[[ Extracted entries, beginning ]]

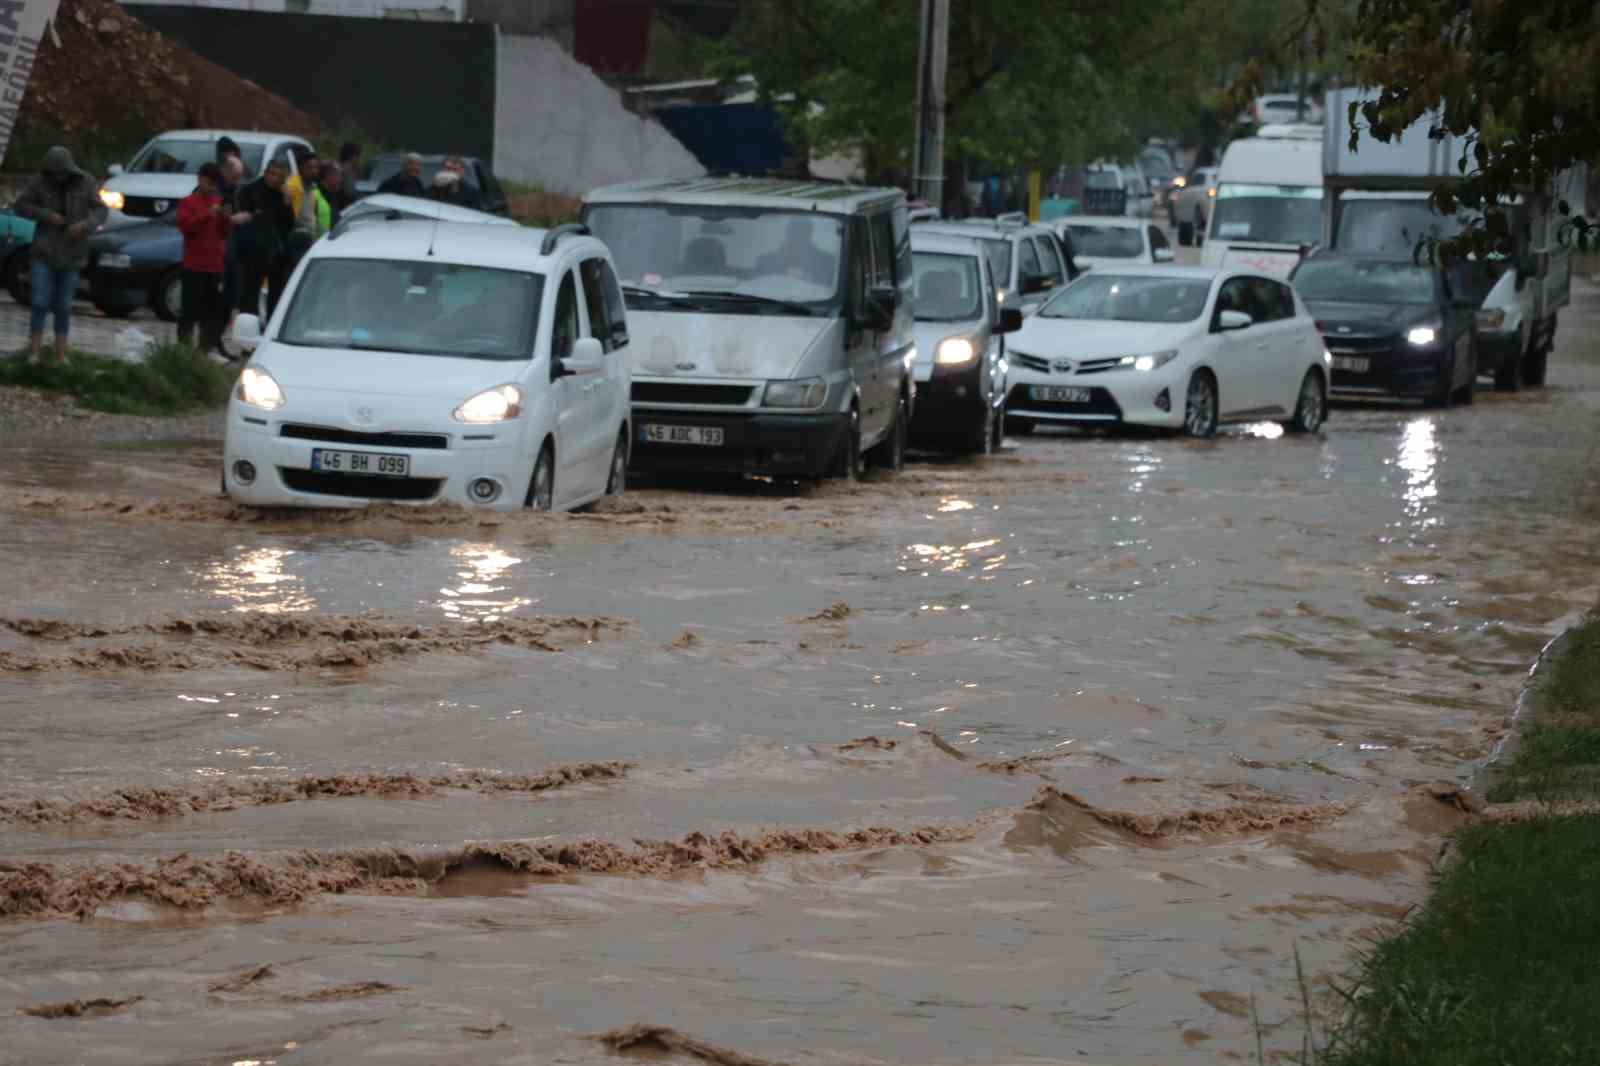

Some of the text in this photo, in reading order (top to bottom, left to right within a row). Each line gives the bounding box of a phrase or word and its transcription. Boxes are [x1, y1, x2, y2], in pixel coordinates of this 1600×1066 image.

[700, 428, 721, 444] 193
[323, 453, 405, 474] 46 BH 099
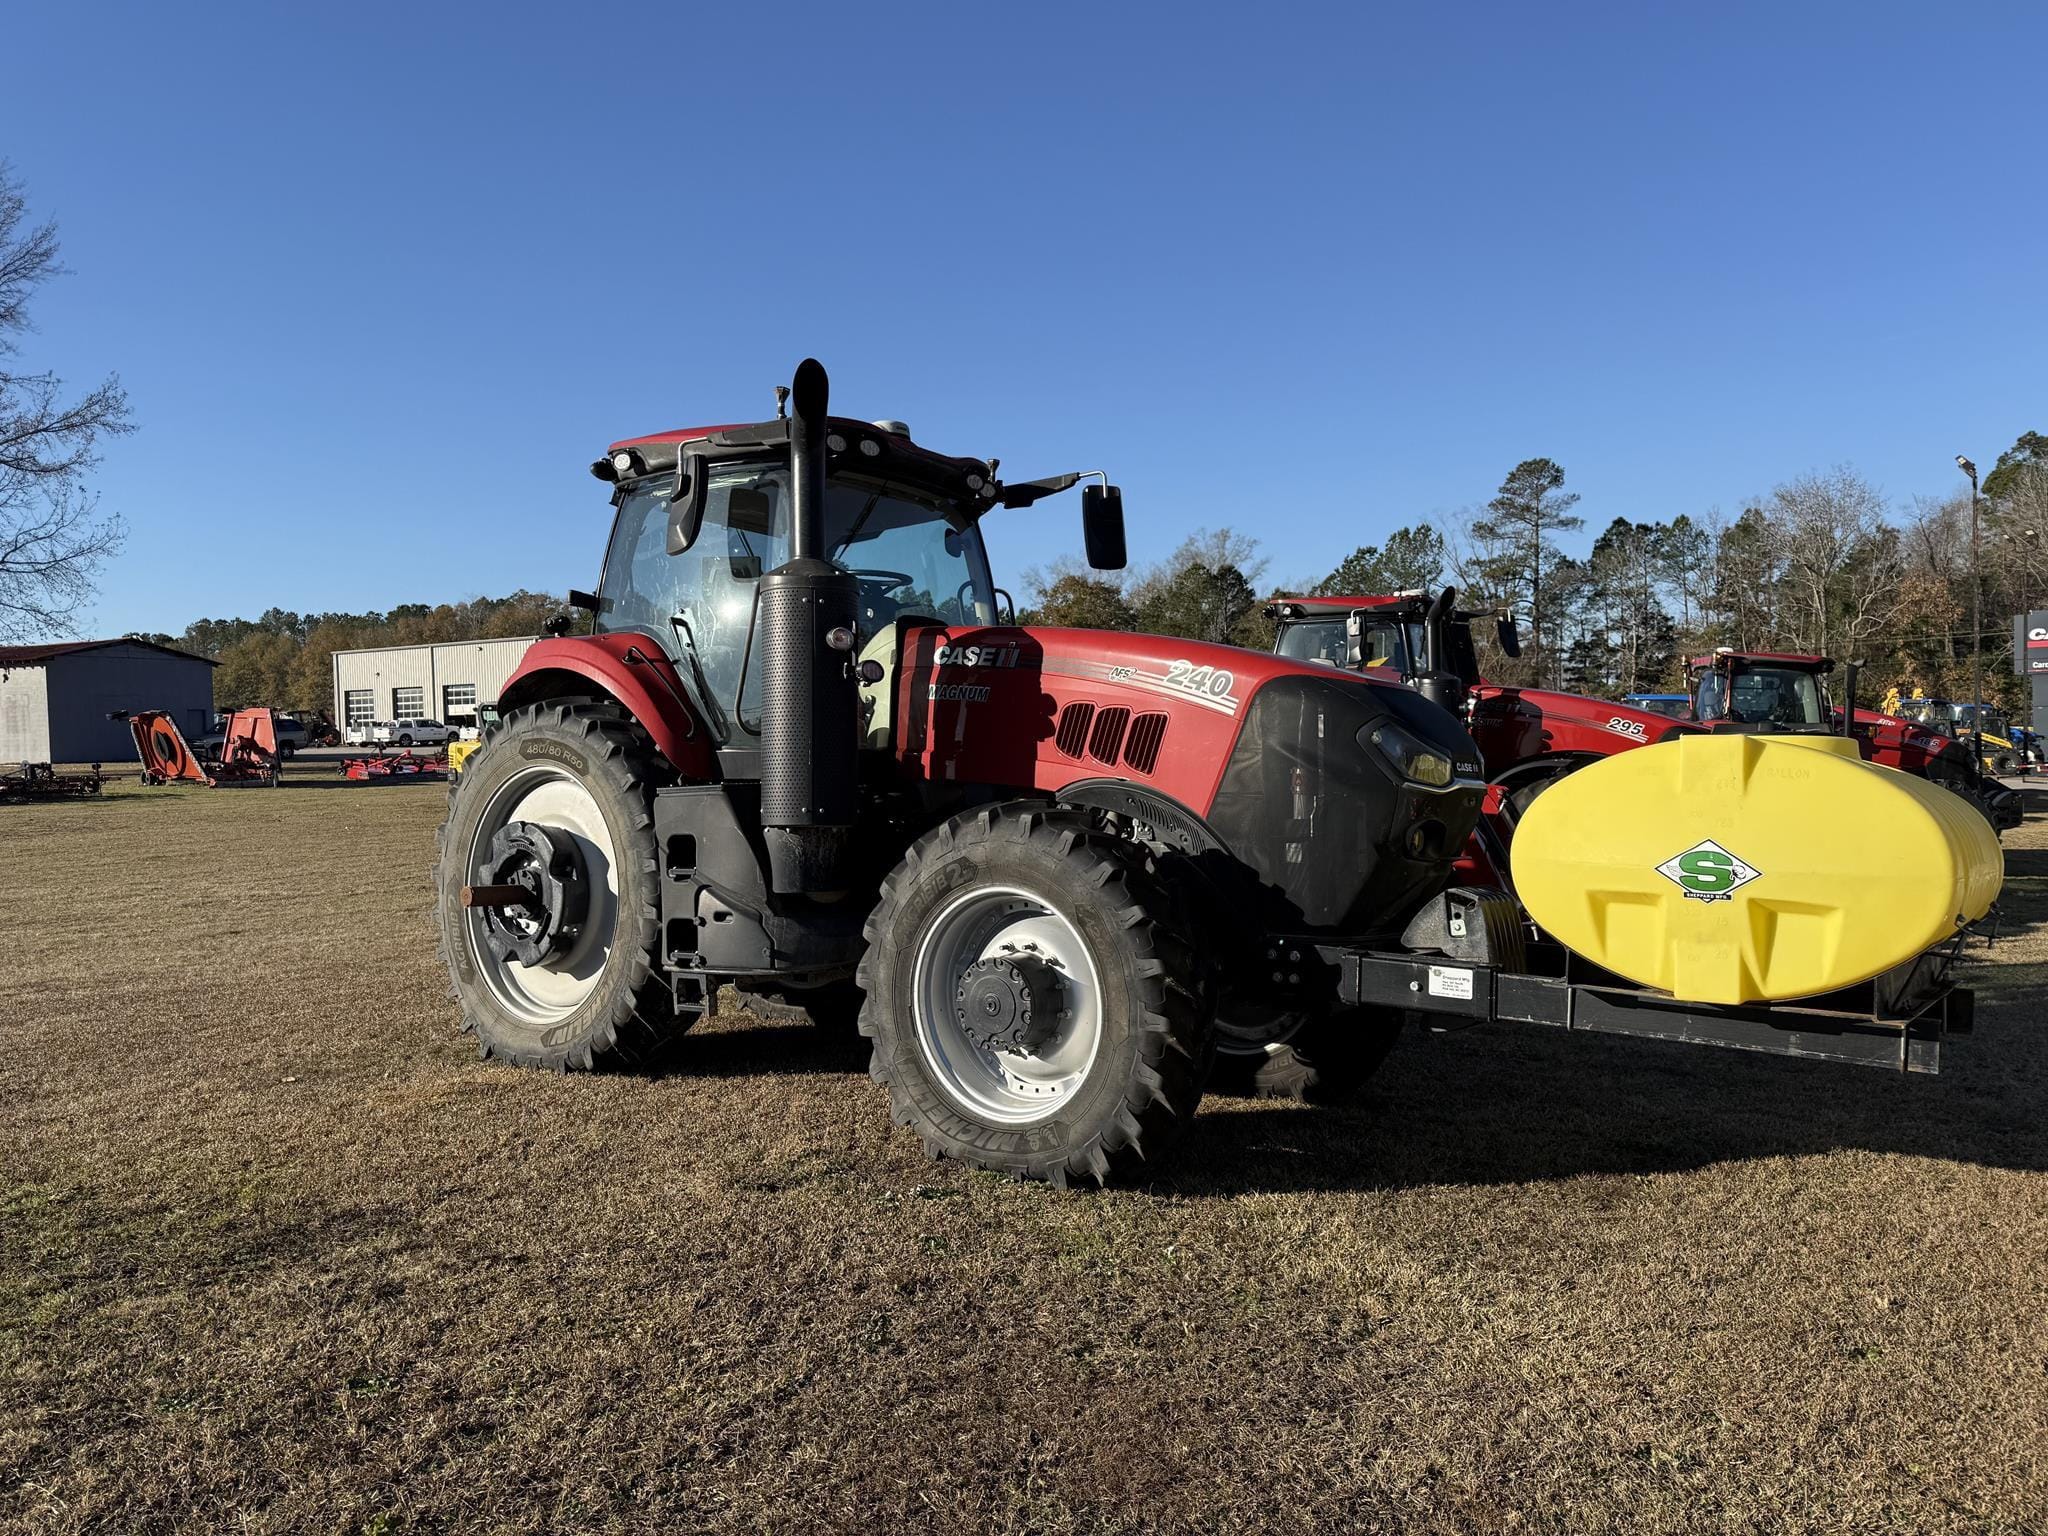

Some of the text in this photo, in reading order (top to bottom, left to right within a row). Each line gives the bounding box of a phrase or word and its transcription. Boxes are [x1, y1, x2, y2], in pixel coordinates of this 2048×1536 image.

[2029, 628, 2048, 641] C
[933, 646, 996, 667] CASE
[1110, 666, 1131, 678] AFS
[1163, 659, 1234, 699] 240
[927, 684, 991, 702] MAGNUM
[1606, 716, 1645, 736] 295
[526, 744, 584, 769] 480/80 R50
[1456, 762, 1473, 772] CASE
[1679, 850, 1735, 892] S

[[ Extracted entries, end ]]

**Exercise brief:**
The records above are to be restated word for word, excluding all pictures.

**Solution for this problem:**
Some of the text in this photo, in reading order (top to bottom, left to right within a row). Each line gives the bounding box of a phrase or word and its transcription. Boxes are [x1, y1, x2, y2], in pixel coordinates of this 1600×1066 image.

[700, 428, 721, 444] 193
[323, 453, 405, 474] 46 BH 099

Some of the text in this photo, in reading order (top to bottom, left to right within a row). Each line gives the bounding box of a phrase or word and its transcription. Boxes are [x1, y1, x2, y2], in pixel coordinates of this 2048×1536 image.

[2029, 628, 2048, 641] C
[933, 646, 996, 667] CASE
[1110, 666, 1131, 678] AFS
[1163, 659, 1234, 699] 240
[927, 684, 991, 702] MAGNUM
[1606, 716, 1645, 736] 295
[526, 744, 584, 769] 480/80 R50
[1456, 762, 1473, 772] CASE
[1679, 850, 1735, 892] S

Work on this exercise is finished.